**Task goal**
Without including any pictures, reproduce the full listing exactly.

**Records supplied**
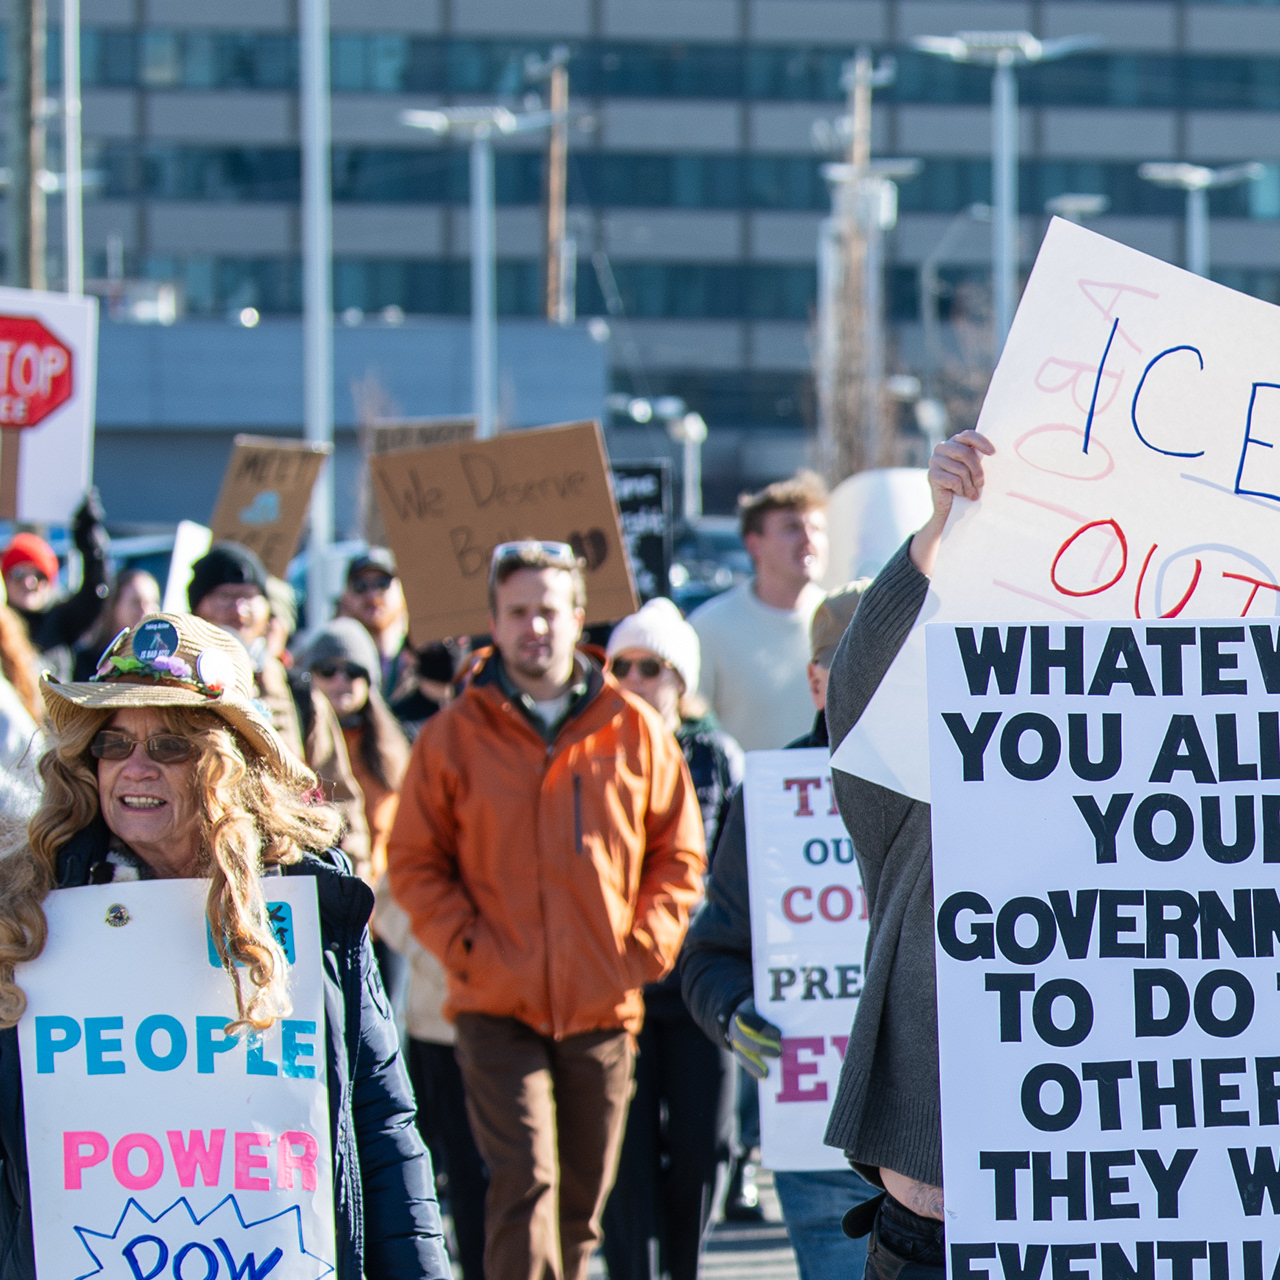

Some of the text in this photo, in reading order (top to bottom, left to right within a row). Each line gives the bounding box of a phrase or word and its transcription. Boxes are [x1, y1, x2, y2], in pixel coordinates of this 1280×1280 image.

[377, 464, 446, 520] We
[460, 451, 587, 510] Deserve
[940, 710, 1123, 783] YOU
[768, 966, 862, 1002] PRE
[984, 972, 1094, 1048] TO
[1133, 967, 1256, 1039] DO
[34, 1013, 317, 1080] PEOPLE
[62, 1128, 320, 1192] POWER
[979, 1148, 1198, 1223] THEY
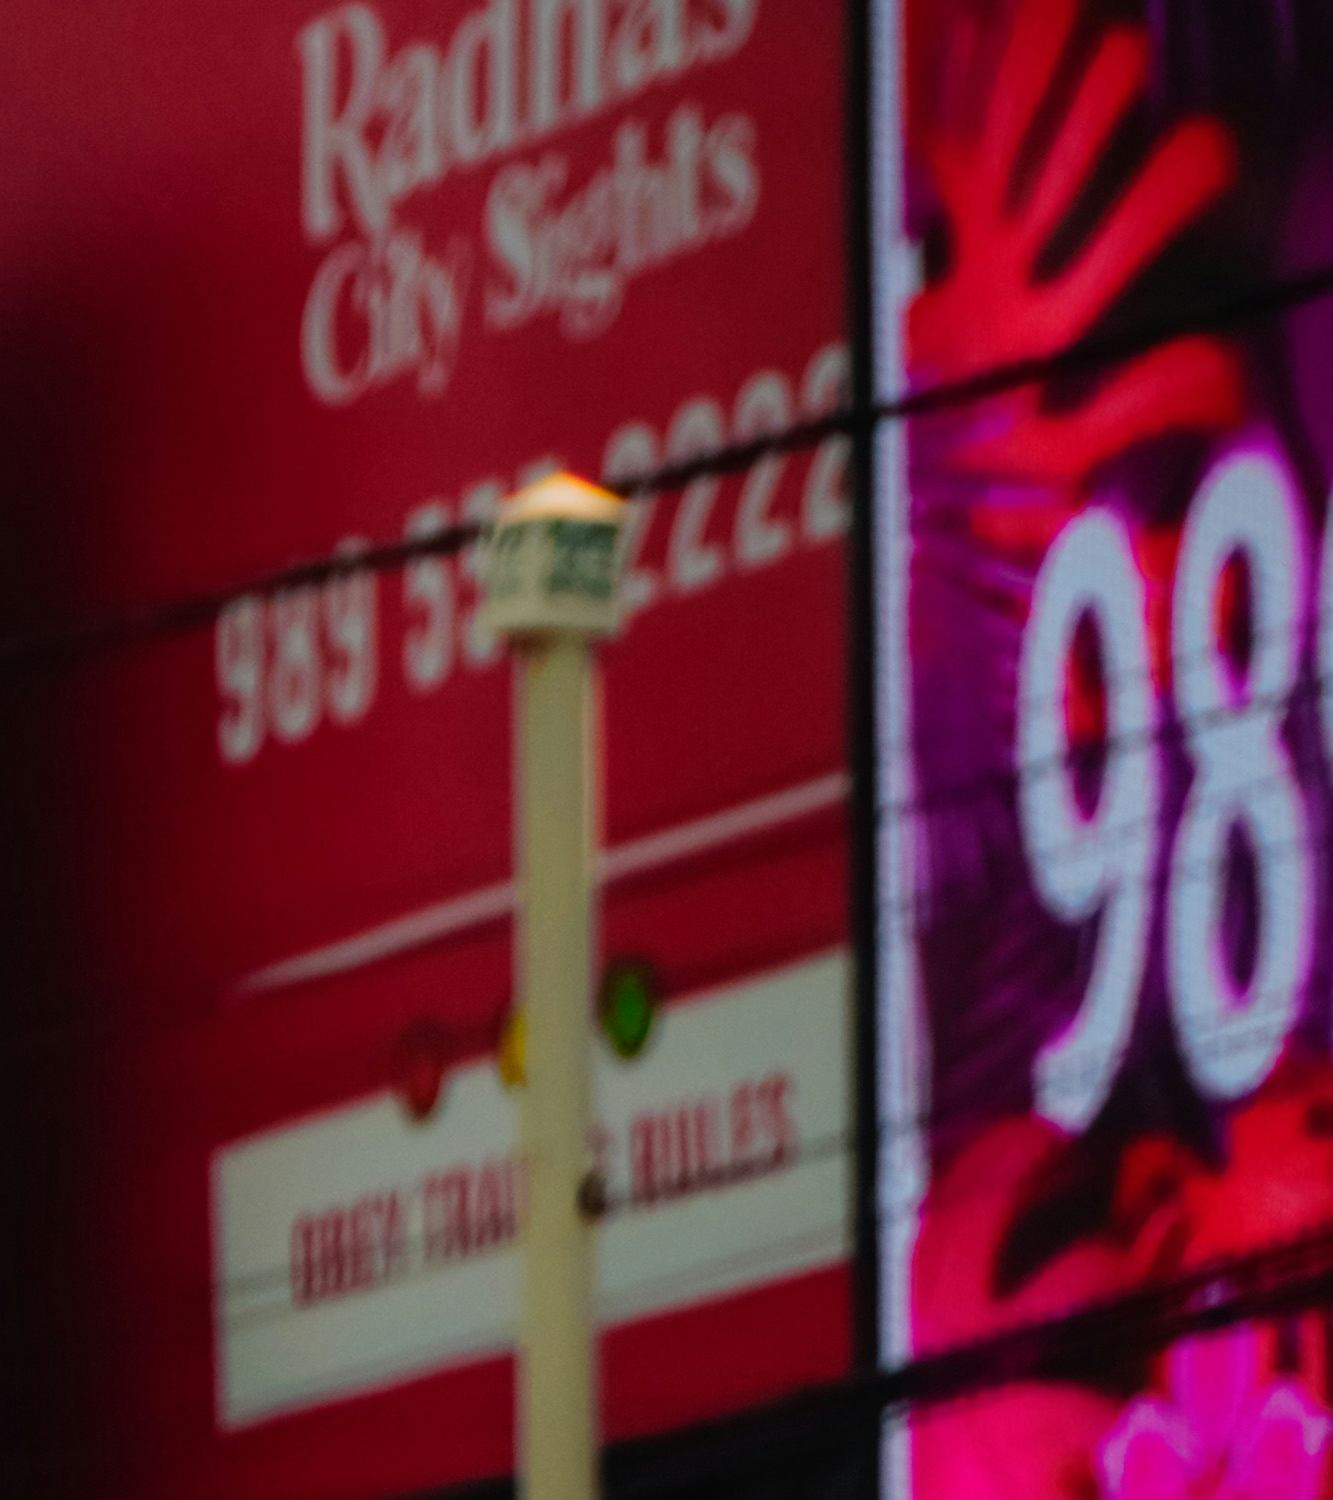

**Task result**
Some of the text in this photo, in reading order (top to bottom, left to right within a row). Each line gives the bounding box of a phrase or word and its transcription. Boxes are [x1, y1, x2, y2], in pixel coordinates of this 1280×1280 image.

[377, 464, 446, 520] We
[460, 451, 587, 510] Deserve
[940, 710, 1123, 783] YOU
[768, 966, 862, 1002] PRE
[984, 972, 1094, 1048] TO
[1133, 967, 1256, 1039] DO
[34, 1013, 317, 1080] PEOPLE
[62, 1128, 320, 1192] POWER
[979, 1148, 1198, 1223] THEY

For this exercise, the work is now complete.